---------- Material for this exercise ----------

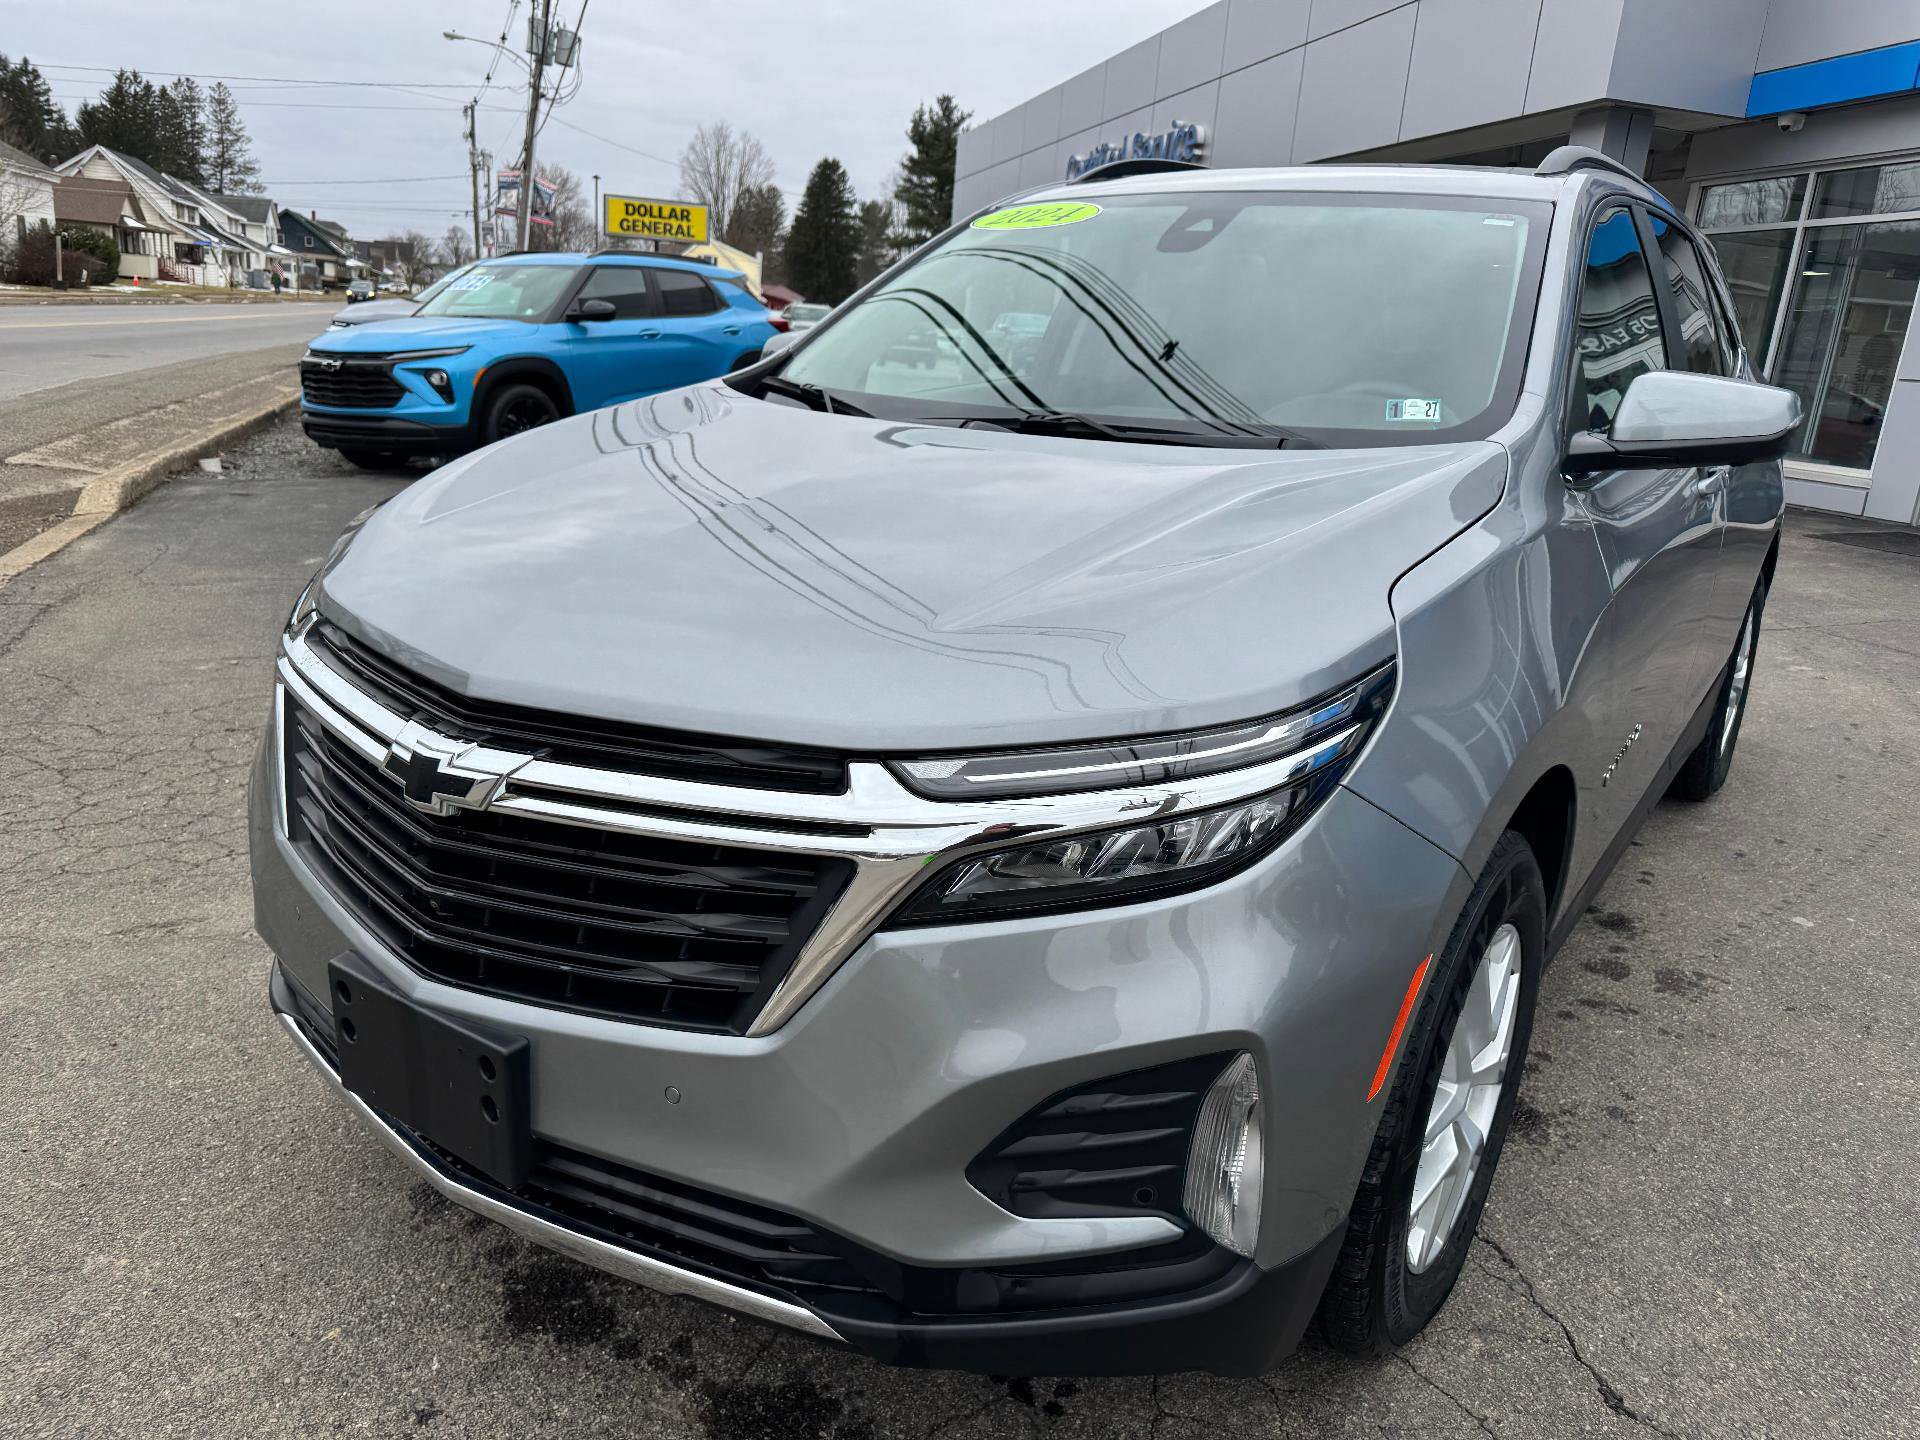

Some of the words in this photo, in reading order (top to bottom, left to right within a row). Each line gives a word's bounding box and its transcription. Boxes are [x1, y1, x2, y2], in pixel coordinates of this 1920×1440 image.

[624, 202, 691, 222] DOLLAR
[984, 206, 1085, 226] 2024
[619, 218, 696, 238] GENERAL
[1425, 401, 1437, 418] 27

----------

→ **Required work**
When copying the entries above, keep each word as it is and exclude any image.

→ **Task answer**
Some of the words in this photo, in reading order (top to bottom, left to right within a row). Each line gives a word's bounding box and its transcription. Boxes are [x1, y1, x2, y2], in pixel coordinates of this 1920×1440 image.

[624, 202, 691, 222] DOLLAR
[984, 206, 1085, 226] 2024
[619, 218, 696, 238] GENERAL
[1425, 401, 1437, 418] 27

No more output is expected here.